A New Jersey strip club where The Sopranos was filmed has been shut down by local authorities due to flouting of the law by its mafia-linked owner.
In the series, Tony Soprano, the Italian American mafia boss played by the late James Gandolfini, conducted some of his most important business at the fictitious Bada Bing club. Hits on rivals were ordered at the bar; alliances were made and bonds broken in the booths; and money exchanged hands in the backroom, which doubled as Soprano’s office.
For all six series of the much-loved show, which ended in 2007, Satin Dolls strip club in Lodi, New Jersey, served as the setting for the Bada Bing club – and capitalised on its fame, with tours coming through and even an auction of some of the furnishings.
Yet last week the club was shut down after the owner, who had plead guilty to racketeering alongside “Uncle Sonny” (also known as Papa Smurf), Muzzy and Lodi Pete, was accused of mafia links and under-the-table accounting.
“Illegal activity was glorified at the Bada Bing in the fictional world of Tony Soprano, but it has no place in modern-day New Jersey,” said Christopher Porrino, attorney general for the state. “It’s time to shut it down.”
The venue has now served its last drink, and the owners have until January 3 to sell or transfer their liquor licence.
And Anthony “Tony Lodi” Cardinalle, the 65-year-old owner, had a long history of run-ins with the law.
In 1995 he admitted evading taxes on income derived from his two companies – Cots Inc. and A&J Entertainment Inc. – which owned strip clubs in the rough and ready towns of Secaucus and North Bergen.
His father, Anthony Sr, who died in 1988, had introduced Cardinalle to the mob, according to court statements from Alan Silber, Cardinalle’s lawyer.
“Cardinalle’s experience and relationship with the Genovese crime family was a legacy from his father’s association with it,” the lawyer said.

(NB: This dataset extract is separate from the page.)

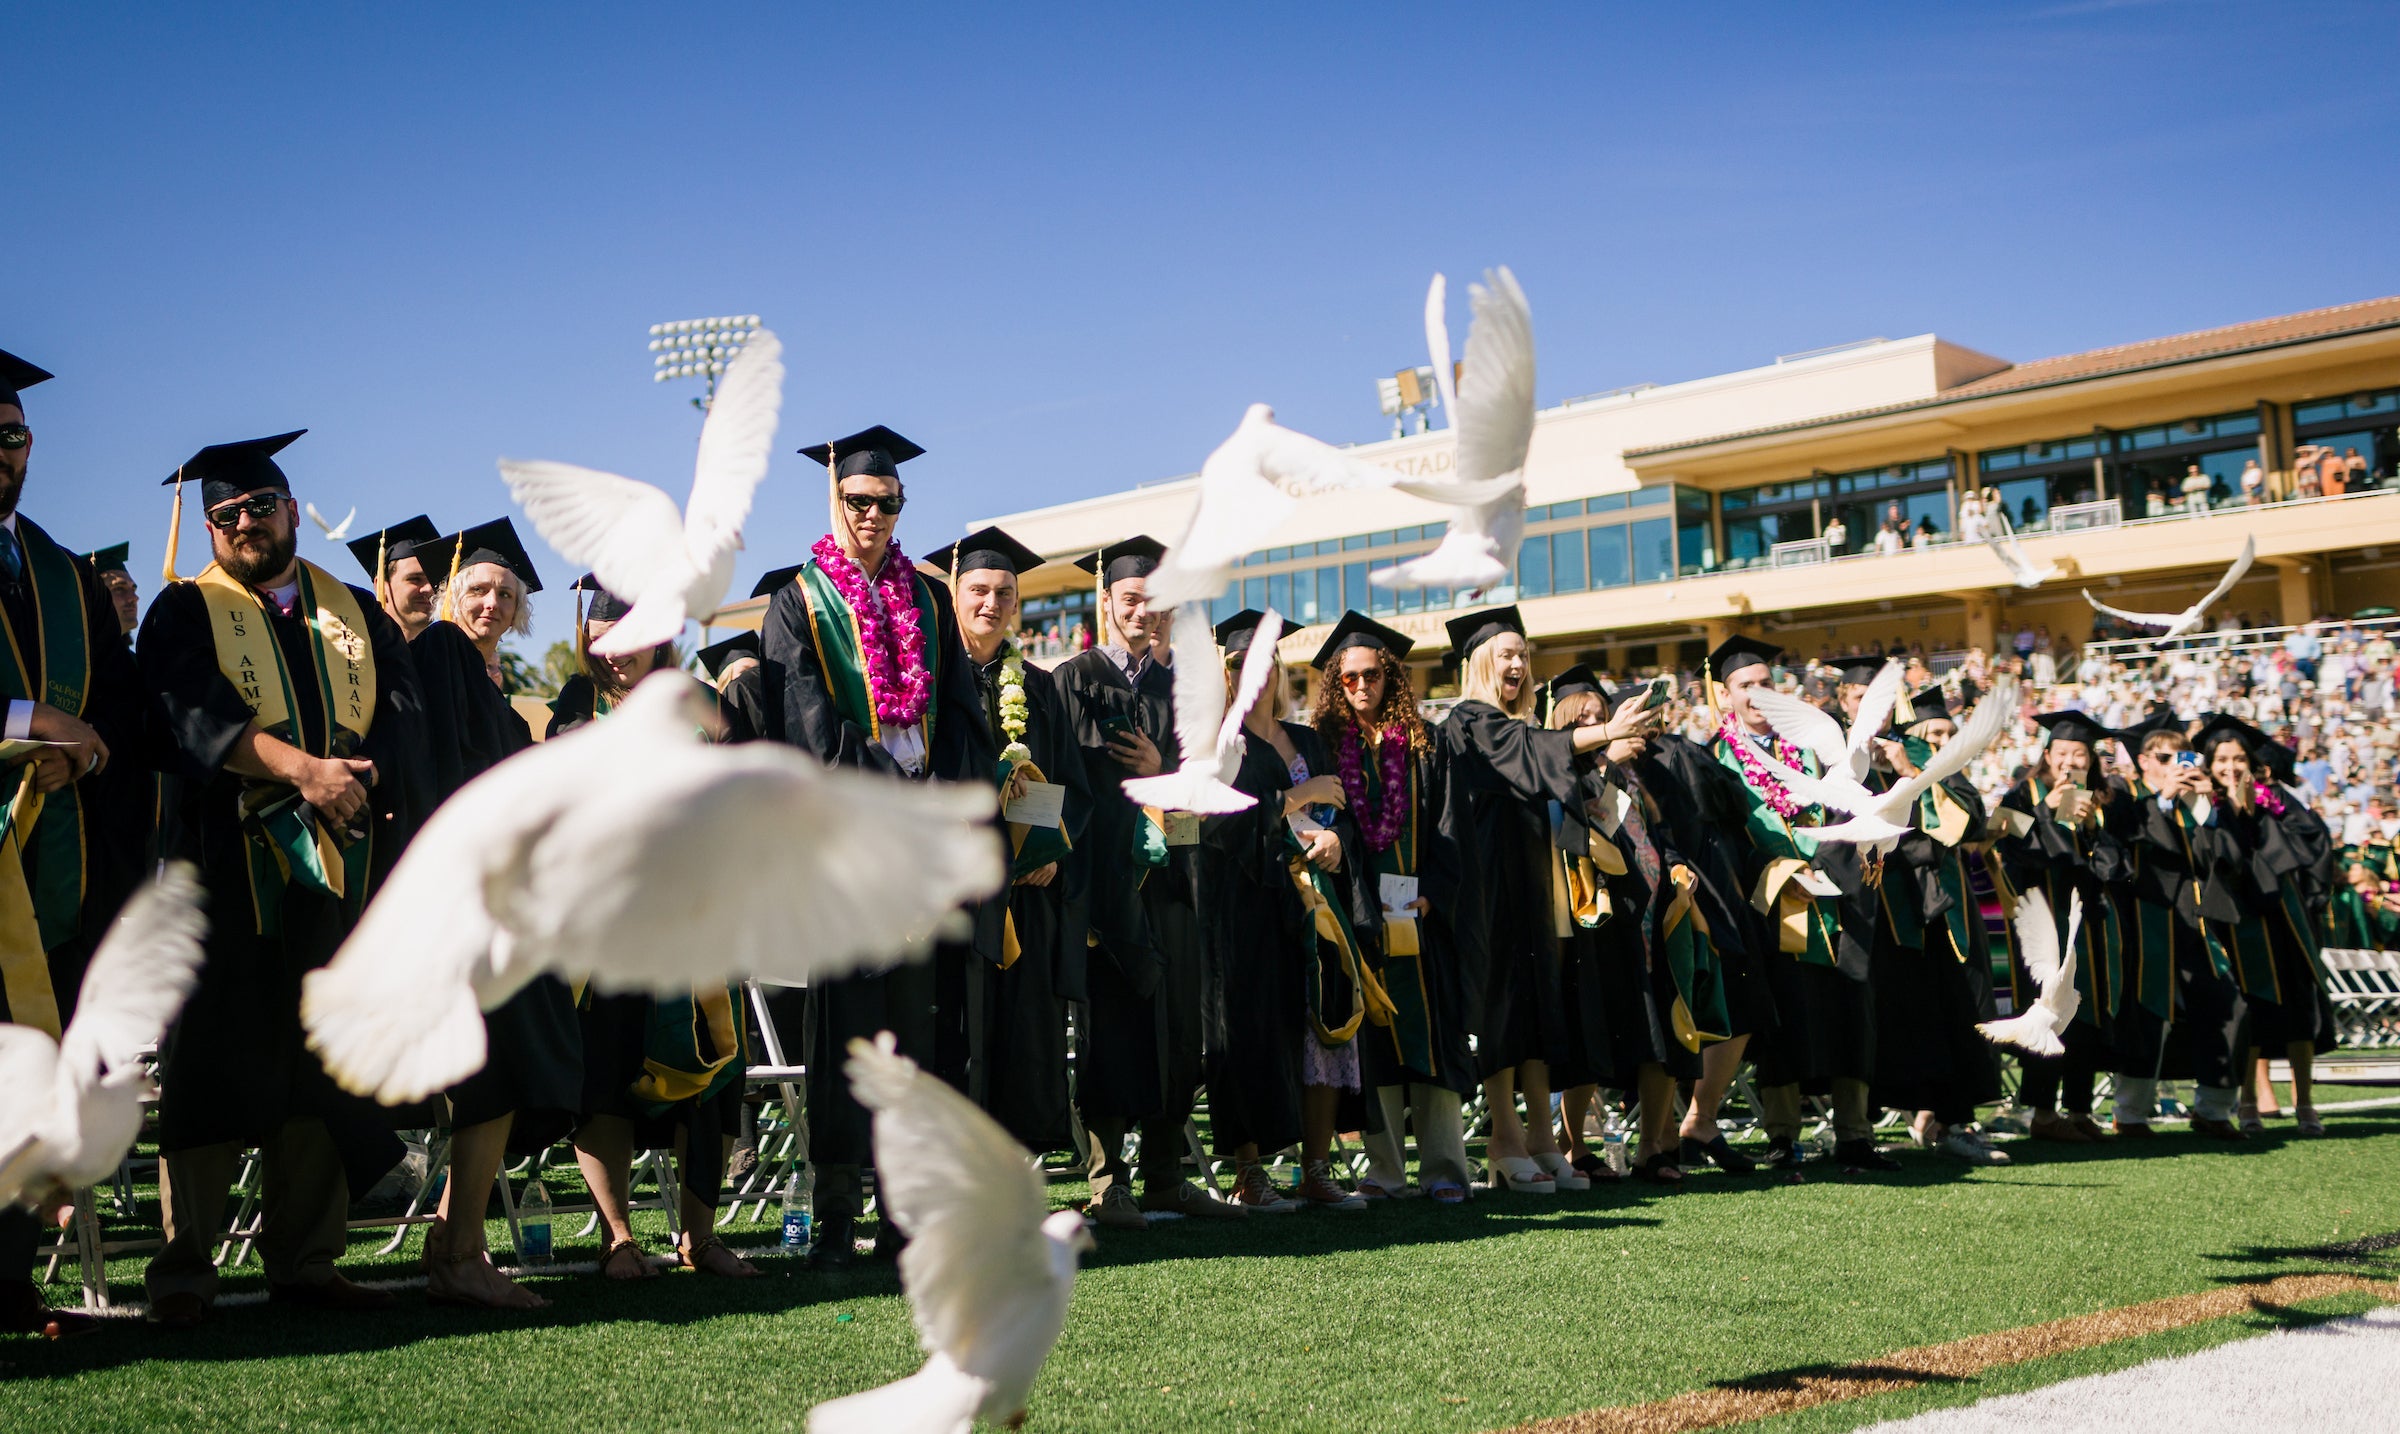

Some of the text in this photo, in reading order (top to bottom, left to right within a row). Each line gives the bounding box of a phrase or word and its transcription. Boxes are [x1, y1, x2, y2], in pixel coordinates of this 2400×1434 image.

Mr Silber said that Cardinalle became involved in a criminal enterprise, carried out at some of his strip clubs, in a bid to recoup $25,000 (£19,000) owed in rent on property he owned.
In 2013 he was one of 32 reputed mobsters and mob associates charged in a federal crackdown on mafia control over commercial waste hauling in New York and New Jersey.
Federal prosecutors in Manhattan charged him with participating in a racketeering enterprise in which members of the Genovese, Gambino and Luchese crime families exercised illegal control over waste haulers.
“I knew there were secret mob interests in the deal that Frank Oliver and Peter ‘Lodi Pete’ LeConte wanted to make to create a new garbage company,” Cardinalle told the judge.
“I thought it was their deal, not mine, so I ignored the fact that the mob was part of the deal.”
Cardinalle was caught on a wire tap with LeConte and Oliver, telling Charles Hughes, an FBI informant, that they would be taking control of him and his waste hauling company from aging Genovese gangster “Papa Smurf”, Carmine Franco.
Cardinalle was also caught on the wiretap collecting one of his $500 weekly installments of protection money from Hughes.
The court then heard from William Pepe, manager of Satin Dolls, that he witnessed one of Cardinalle’s co-defendants, Howard Ross, “essentially holding court at the bar” of the Lodi club.
In true Soprano style, Ross was alleged to have been recounting “grandiose stories” of his life as a major drug dealer, trying to drum up financing for various scams, and “bragging about his mafia connections.”
Cardinalle pleaded guilty in December 2013 to the two counts in which he was charged – racketeering conspiracy and conspiracy to commit extortion – and admitted his role in a plot to “shake down” Hughes.
He faced up to 40 years in prison, but was spared the full force of the law by becoming a “turncoat” and cooperating with federal prosecutors. He was sentenced instead to 30 days in jail, with a $10,000 fine and an order to repay the $3,400 that he extorted from Hughes, the FBI informer in the case.
His 2013 charges disqualified him from running his strip club businesses.
But last week prosecutors in New Jersey said he had continued to manage the firm, despite it officially being run by his daughter Loren.
Furthermore, they failed to account for large amounts of cash flowing in and out of the businesses.
“The Cardinalles may have wanted to keep the business in the family, but that’s not how it works,” said Mr Porrino.
“Their continued flouting of alcoholic beverage control laws cannot and will not be tolerated.”
A man who answered the phone at the club told The Telegraph they had no comment.